A similar violence born of socio-political failures is integral to Jonas Carpignano’s “Mediterranea,” which follows a pair of African immigrants on the perilous journey from Burkino Faso to the not altogether welcoming shores of Italy. The older Ayiva has an easier time than the younger Abas, primarily because he’s willing to work harder and to accept certain degradations in order to make it stick. But when an immigrant is killed by Italians, both men engage in a night of rioting. Carpignano, whose father is an ethnic Italian and mother is black, lived among a group of immigrants, including the primary actor Koudous Seihorn (a real find), and the film is a direct re-creation of their actual experiences. The power of fictional film to illuminate a politically sensitive situation, and the people involved – on both sides – is on full view here. “Mediterranea” doesn’t reach too far, aiming simply to immerse us in a world most of us leave to the daily newspaper or evening news. There were better films made last year, but few more important.

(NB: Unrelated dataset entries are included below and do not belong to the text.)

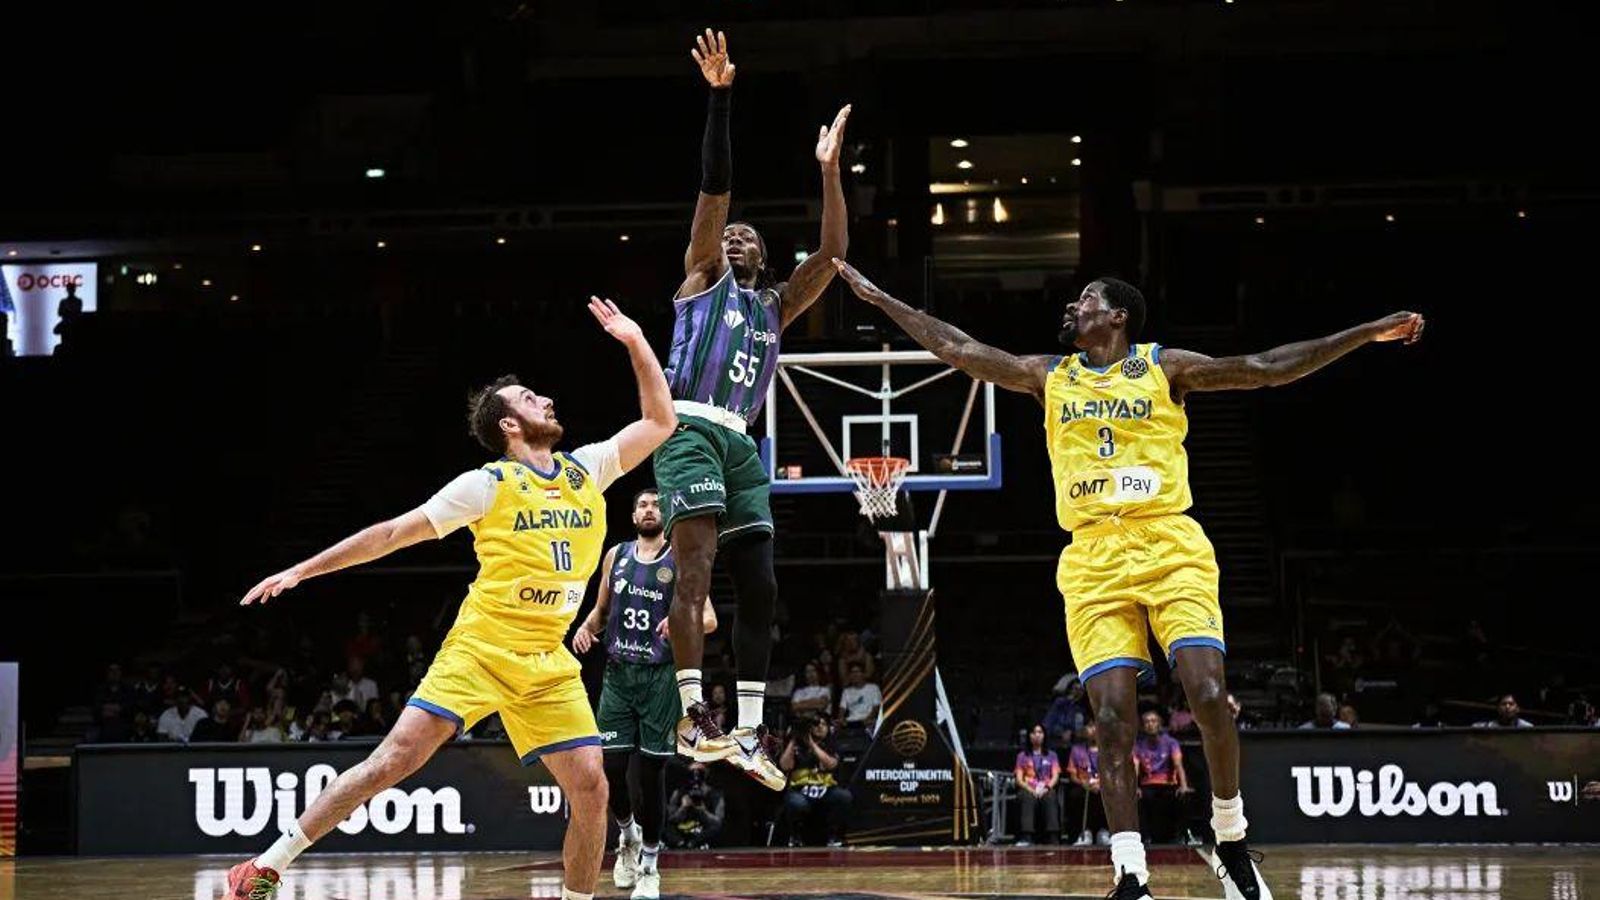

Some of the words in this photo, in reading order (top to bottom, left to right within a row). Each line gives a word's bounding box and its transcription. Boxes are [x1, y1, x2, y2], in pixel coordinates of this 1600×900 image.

[37, 274, 83, 289] OCBC
[728, 349, 760, 387] 55
[1061, 398, 1152, 424] ALRIYADI
[1098, 426, 1115, 459] 3
[1069, 478, 1109, 499] OMT
[1121, 476, 1152, 494] Pay
[551, 541, 572, 572] 16
[519, 586, 561, 605] OMT
[627, 584, 663, 602] Unicaja
[623, 607, 650, 631] 33
[865, 769, 954, 781] INTERCONTINENTAL
[900, 781, 919, 792] CUP
[1291, 764, 1502, 817] Wilson

There is no such volatility in Laura Bispuri’s “Sworn Virgin,” which stars Alba Rohrwacher as a rural Albanian woman who lives as a man for 14 years before deciding to undo her decision. Her original choice was made possible by an Albanian tradition whereby a woman can become a man by committing to a life without sex; she takes a man’s name and is treated fully as a man in a society still very much divided in terms of gender roles. (Women were not allowed to carry a gun, for instance.) Moving back and forth between her life as a young person in the Albanian mountains, and her current self in the city to which she’s come, we follow her slow metamorphosis back into a woman. The message appears to be that contemporary life allows for differences once unthinkable, that now she can carry her lipstick or gun as she chooses, without swearing off anything. I can’t say I particularly enjoyed “Sworn Virgin,” but at the same time I can’t forget it, thanks largely to this talented actress. When she finally allows herself to let go and smile, I felt a sense of relief I didn’t know I needed. 
I sat through about two thirds of Guy Maddin’s “The Forbidden Room” on my last afternoon in Karlovy Vary before deciding that I had other things to do. I didn’t leave because I hated it, or was made angry by it, or was particularly put off, I left because I could. That’s to say, the film allowed me to – I rarely walk out of a movie or don’t finish a book but in this case Maddin and co-director Evan Johnson didn’t seem to care whether I stayed or left and came back some other time. Which is all right by me. The day was a glorious one, I picked up a warm vanilla oplatky wafer, helped save a little boy from being run over by one of the KVIFF BMWs when the boy lost his balloon and turned into the street to get it without looking, and wandered down to the Grandhotel Pupp for one last free lunch. Certainly as valid as one more scene in that submarine with Udo Kier et al and that logger, staving off asphyxia by eating oxygen-rich flapjacks. Though just about now, that sounds pretty good.